Derelict houses were a magnet for us kids, no safety fencing or blocked-off entrances. We dared each other to go upstairs and walk around the skirting boards of rooms with massive holes in the middle of the floor and blown bricks staring up at us. An old church on the corner of a street was under compulsory purchase. Huge oak doors hung off their hinges and when we ventured inside, most of the flooring on the far side was caved in. On further inspection, we saw there was a flood of water underneath someone must have been in for the copper piping.

I have no memory of Nana, but Mam said that she had infinite patience with me, putting my bootees on when I kept pulling them off. Every Sunday, she attended St Aidans Church and enjoyed voluntary work. My grandfather Charles died in 1940. He had moved to Newcastle in 1904 from Falmouth, where he had been a mariner, so he slotted right into working on ships at Vickers-Armstrong engineering works.

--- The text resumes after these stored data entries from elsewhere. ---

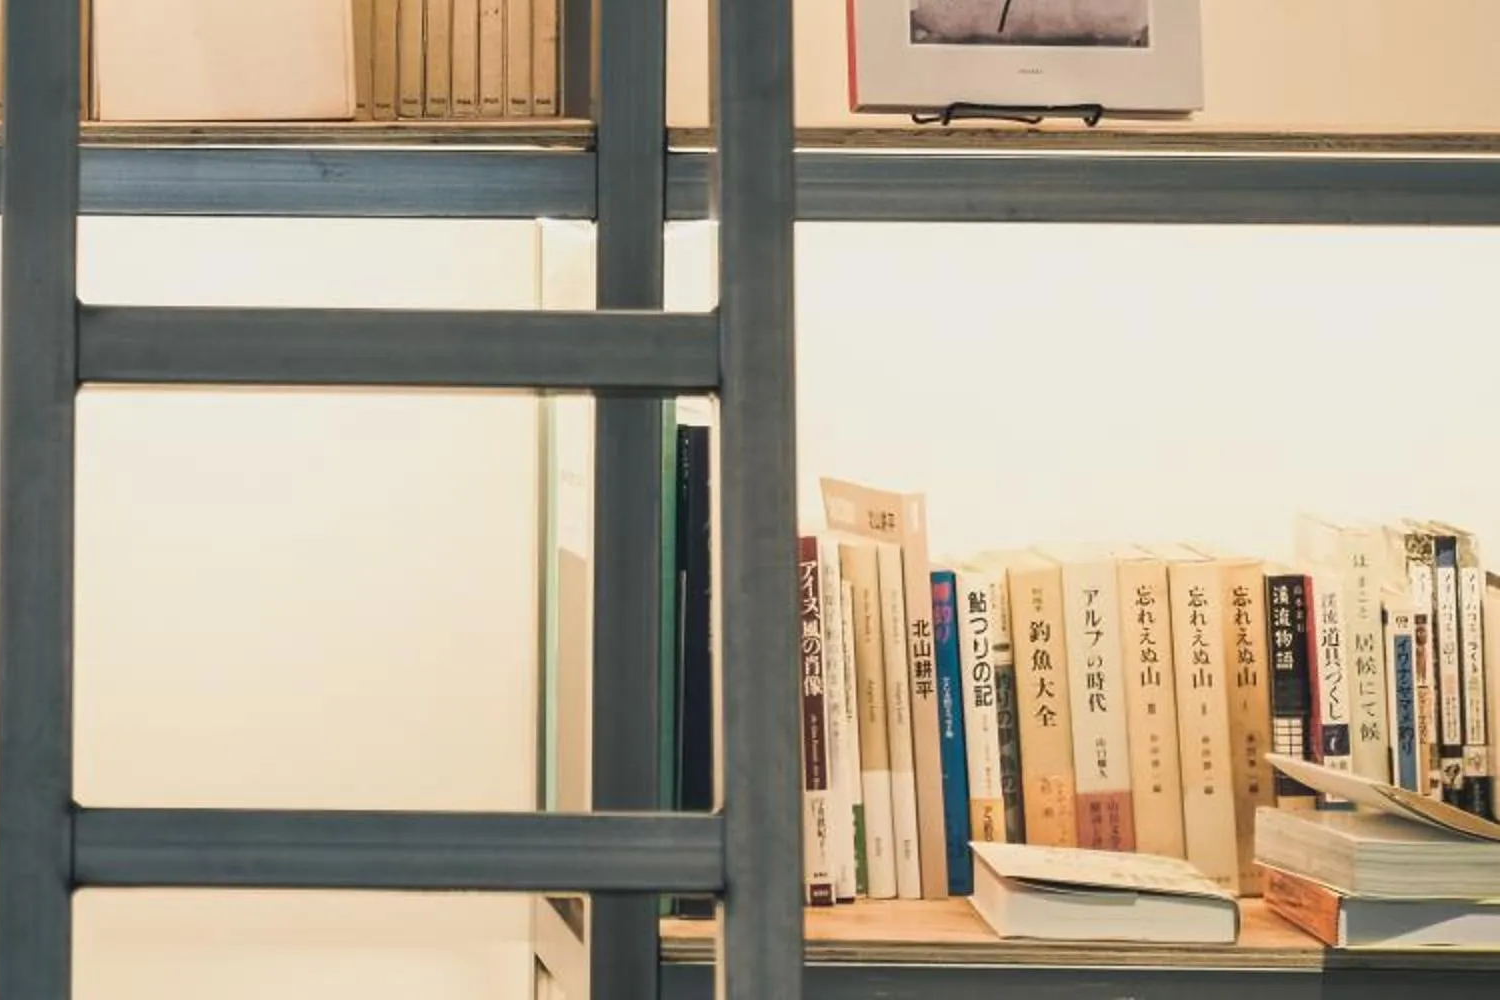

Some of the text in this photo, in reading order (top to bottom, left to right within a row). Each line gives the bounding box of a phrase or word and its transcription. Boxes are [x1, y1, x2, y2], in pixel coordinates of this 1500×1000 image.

[911, 619, 935, 700] 北山耕平
[967, 591, 993, 708] 鮎つりの記
[1028, 621, 1058, 728] 釣魚大全
[1135, 585, 1161, 688] 忘れえぬ山
[1187, 585, 1213, 689] 忘れえぬ山
[1232, 585, 1258, 688] 忘れえぬ山

Many of the pubs on the Scotswood Road were named after machinery or armament from the factories: The Gun, The Hydraulic Crane, The Rifle, The Forge Hammer and The Mechanics, etc. I loved listening to my Uncle Toms stories. He remembered that Grandad rigged a bracket on the wall in the backyard to make nets and tents to sell for extra money. More than likely, the materials were gathered from the workplace. All of the homes in the area were painted grey, dark green or brown battleship colours.

I enjoyed listening to tales of local characters. There was the rat catcher who called in at the pubs, went into the cellars and placed a lantern with a kipper over the top. He hid in the corner until the rat came sniffing, then grabbed it with his bare hands and chucked it in a hessian sack. The charge to the publican was 4d (2p) for a little rat and 6d (3p) for a large one. If the payment wasnt given, the catcher tipped them all out onto the bar counter Here then, have your rats back! Sure enough, this would clear the place.

A neighbour had worked in many jobs but took a job in pest control for a while. Folks went past and said, There goes the rat catcher. Everyone knew him because many people had need of his services in shops, homes and pubs. There were rats in the Co-op, anywhere where there was food. Hundreds of rats ran along the Quayside. A team of eight men laid traps and left them to do their work. Nobody bothered them, people pointed, Theyre in there and then went away. They all said they could never do that job, especially in the cattle market near the river. There was so much blood running among the cobbles, the rats swarmed everywhere. I was shocked when my neighbour told me that sometimes the rats ran up his trouser legs. He had seen bulls being led by herdsmen using sticks to chase them along and joked, At least the bulls didnt run up my trouser leg!